Suddenly they started finding non-compliance left, right and centre.

But assessors can only do spot-checks. They can’t observe all the time, unless CCTV cameras are installed to record what is going on. Assessors can then refer to CCTV footage taken at any point in time to observe.

That is not enough, though. Assessments of nursing homes should also involve medical assessments and quality-of-care indicators. To its credit the Australian Government has now announced it will introduce mandatory indicators.

However, even with the best aged care standards and ways to measure compliance with them, aged care safety won’t happen unless there is adequate staffing, both in numbers and skills. In fact, we need a separate standard for (mandatory) staff-to-residents ratios.

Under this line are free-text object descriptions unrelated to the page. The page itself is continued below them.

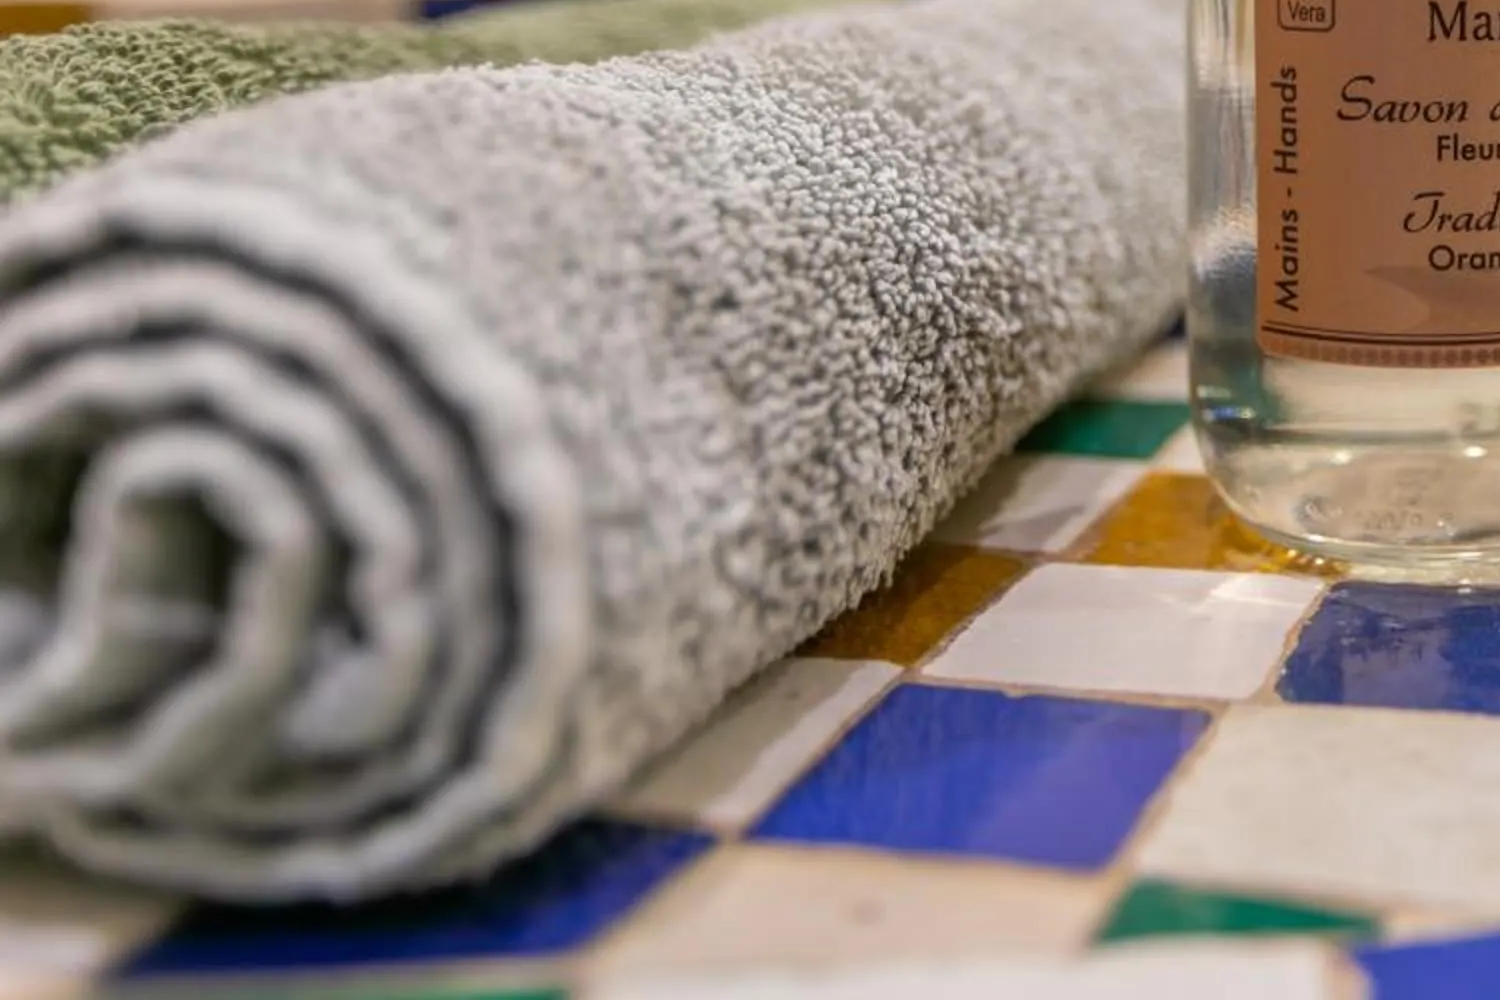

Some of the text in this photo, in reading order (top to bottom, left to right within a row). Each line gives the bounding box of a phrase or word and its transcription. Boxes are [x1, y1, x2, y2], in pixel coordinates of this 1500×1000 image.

[1287, 0, 1326, 22] Vera
[1270, 65, 1298, 175] Hands
[1336, 74, 1470, 124] Savon
[1274, 209, 1300, 313] Mains
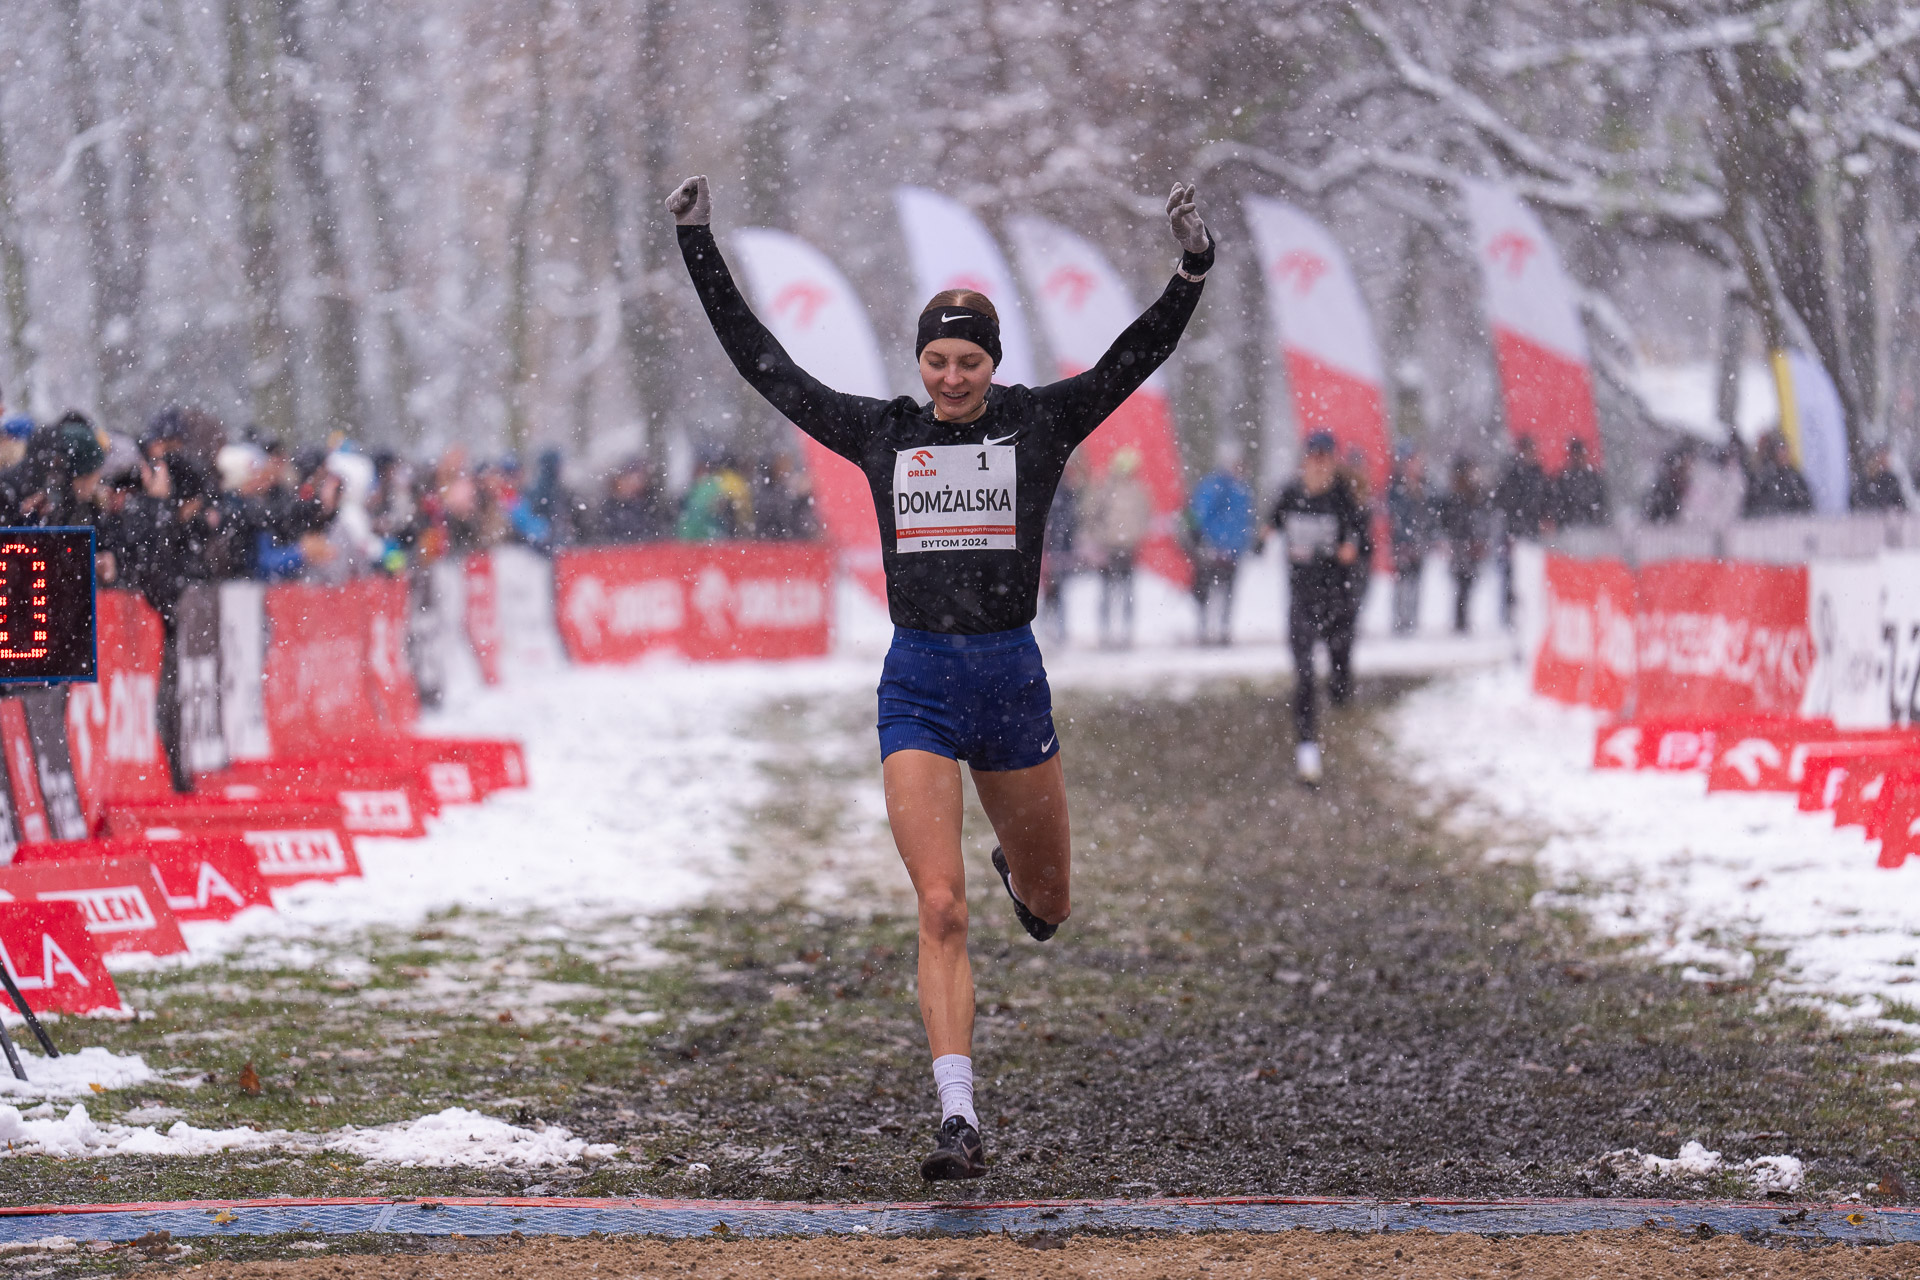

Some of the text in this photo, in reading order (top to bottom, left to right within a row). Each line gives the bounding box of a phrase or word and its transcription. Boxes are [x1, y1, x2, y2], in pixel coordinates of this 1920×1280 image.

[976, 451, 990, 471] 1
[907, 469, 937, 478] ORLEN
[898, 484, 1012, 515] DOMŻALSKA
[921, 538, 988, 549] BYTOM 2024
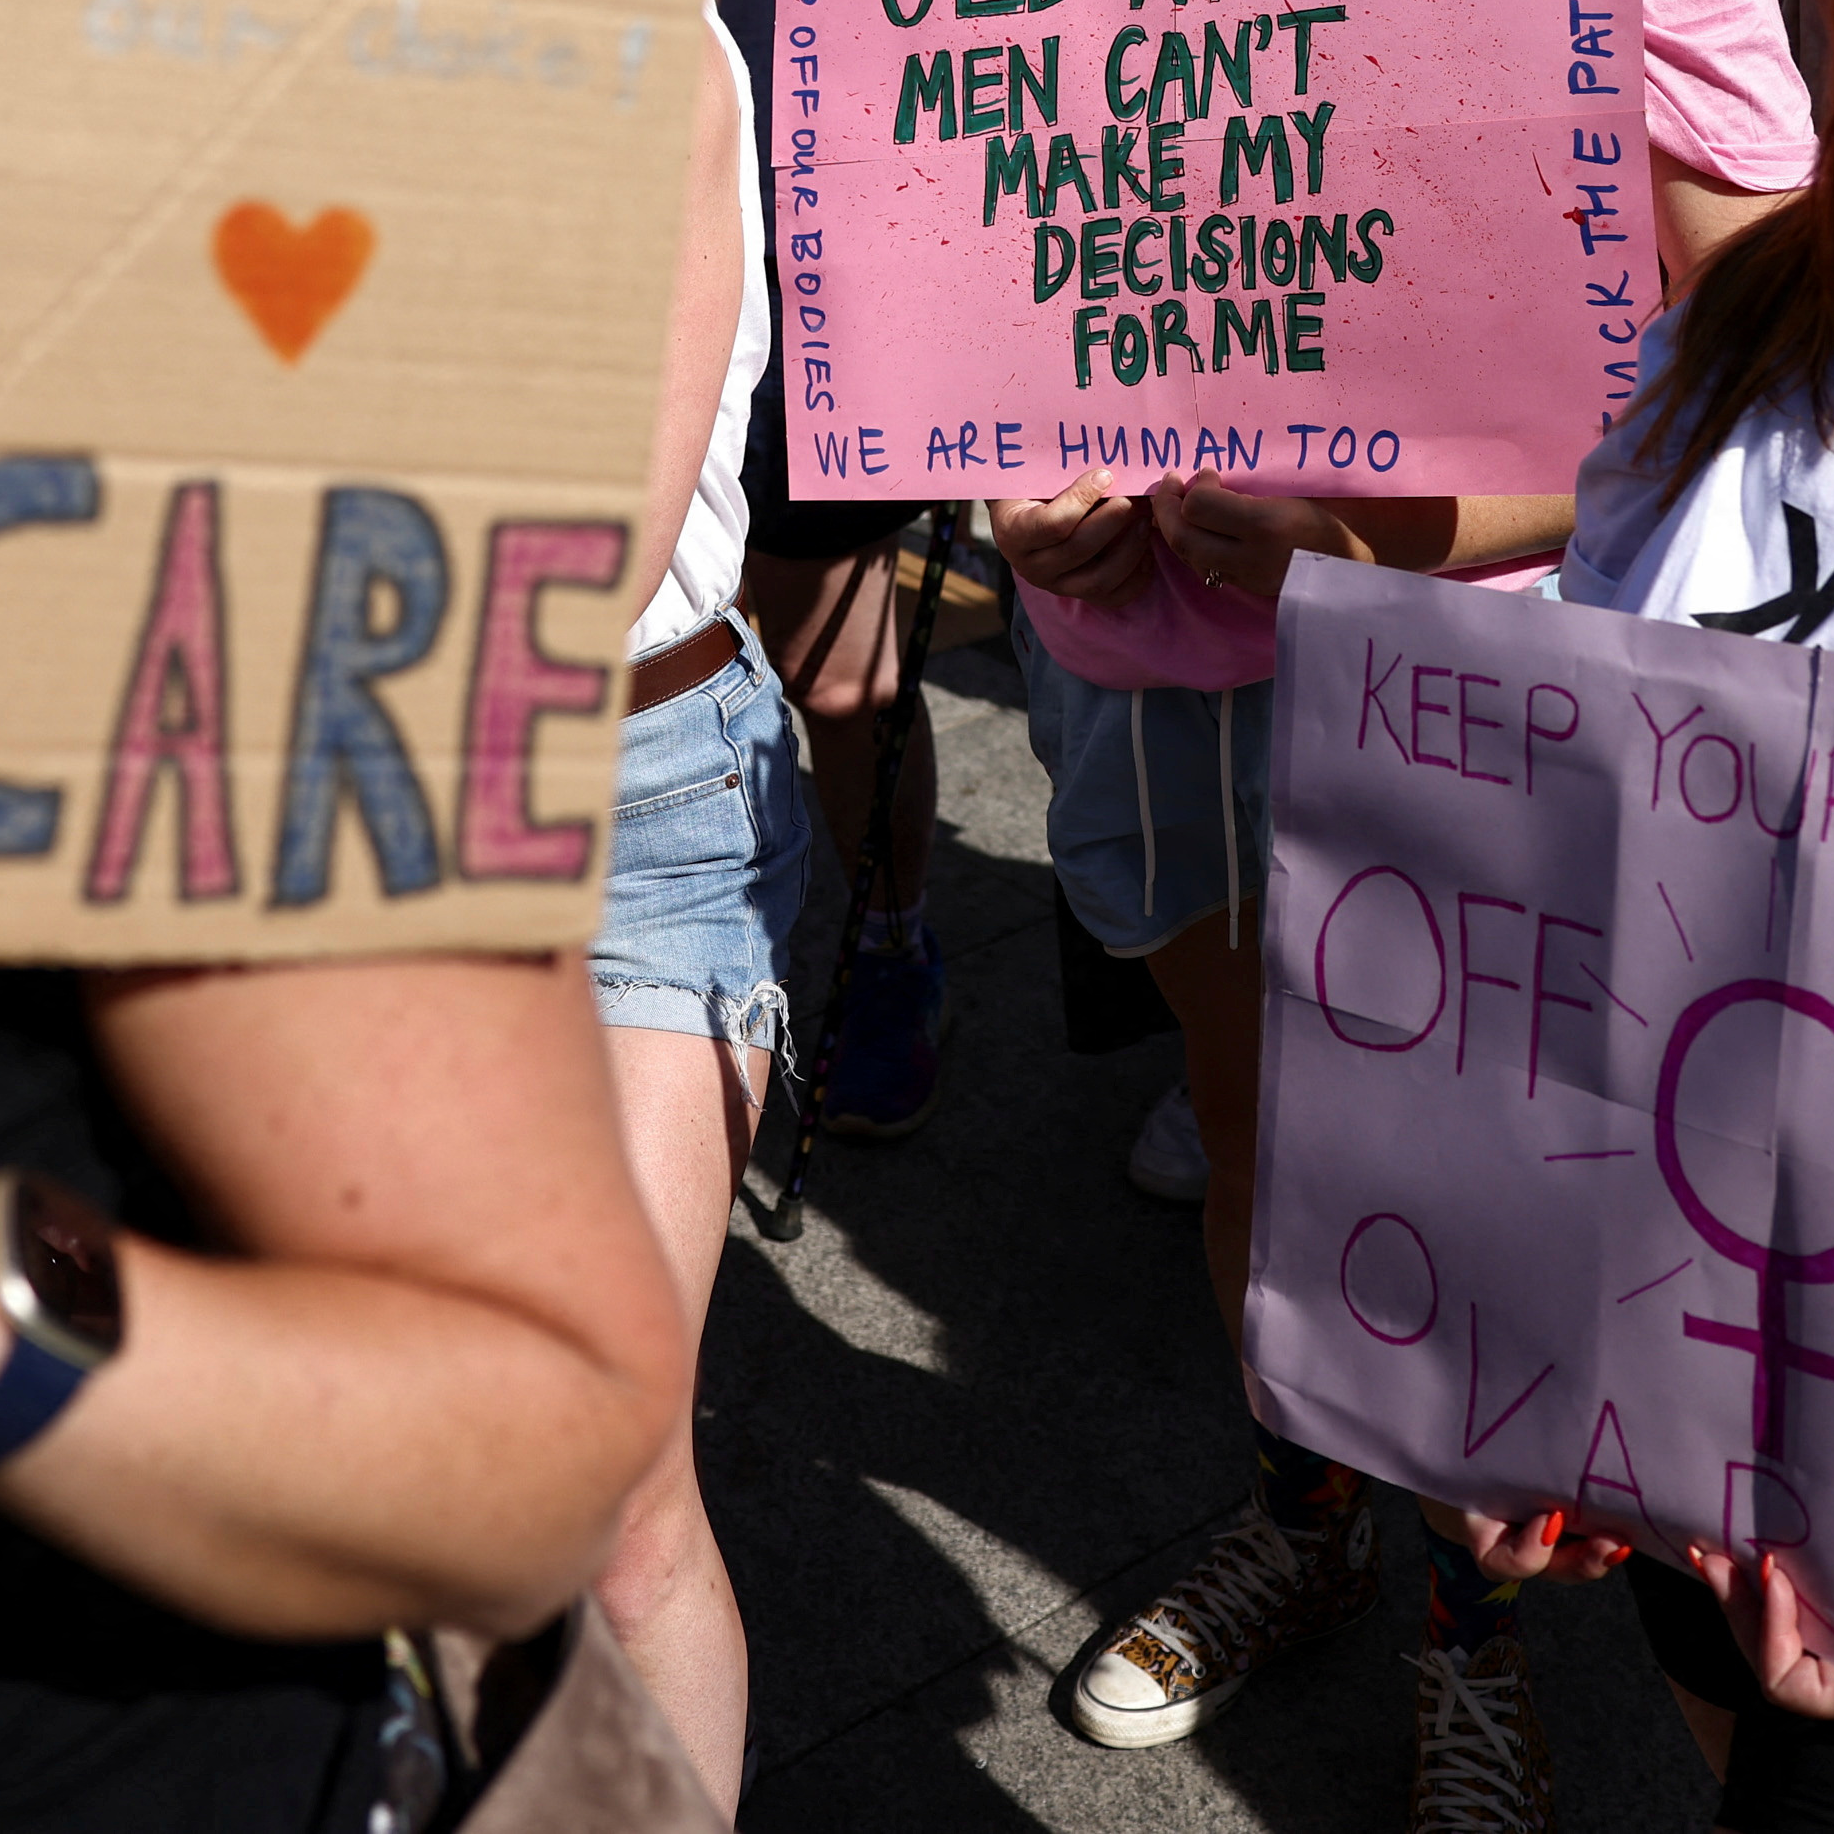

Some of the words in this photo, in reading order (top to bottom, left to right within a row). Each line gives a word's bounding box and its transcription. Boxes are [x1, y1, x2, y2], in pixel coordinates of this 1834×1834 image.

In 150 or so residential aged care facilities operated by the Victorian Government, mandatory staff-to-residents ratios are used. CPSA is not suggesting that the Victorian approach should necessarily be exactly replicated throughout the residential aged care system, but it does demonstrate how mandatory staffing ratios in residential aged care can be imposed without the sky falling in.

A final point covered by CPSA was split accreditation. Accreditation in residential aged care currently covers the accommodation and care functions of a residential aged care facility. This gives the provider too much leverage over regulators and care recipients.

For example, where a nursing home delivers such poor care that revoking their accreditation would be reasonable, that would mean closing down the facility and forcing residents to find a new nursing home. Obviously, the Department of Health would think twice before revoking accreditation, especially if it concerned a facility in a regional or remote area with few or no alternative facilities.

If accreditation was split between accommodation and care functions, i.e separate accreditation for the physical infrastructure and separate accreditation for care provided, the facility could be operated by two distinct entities, one operating the physical infrastructure, the other providing care. The decision to take compliance action in respect of aged care safety and quality would be easier.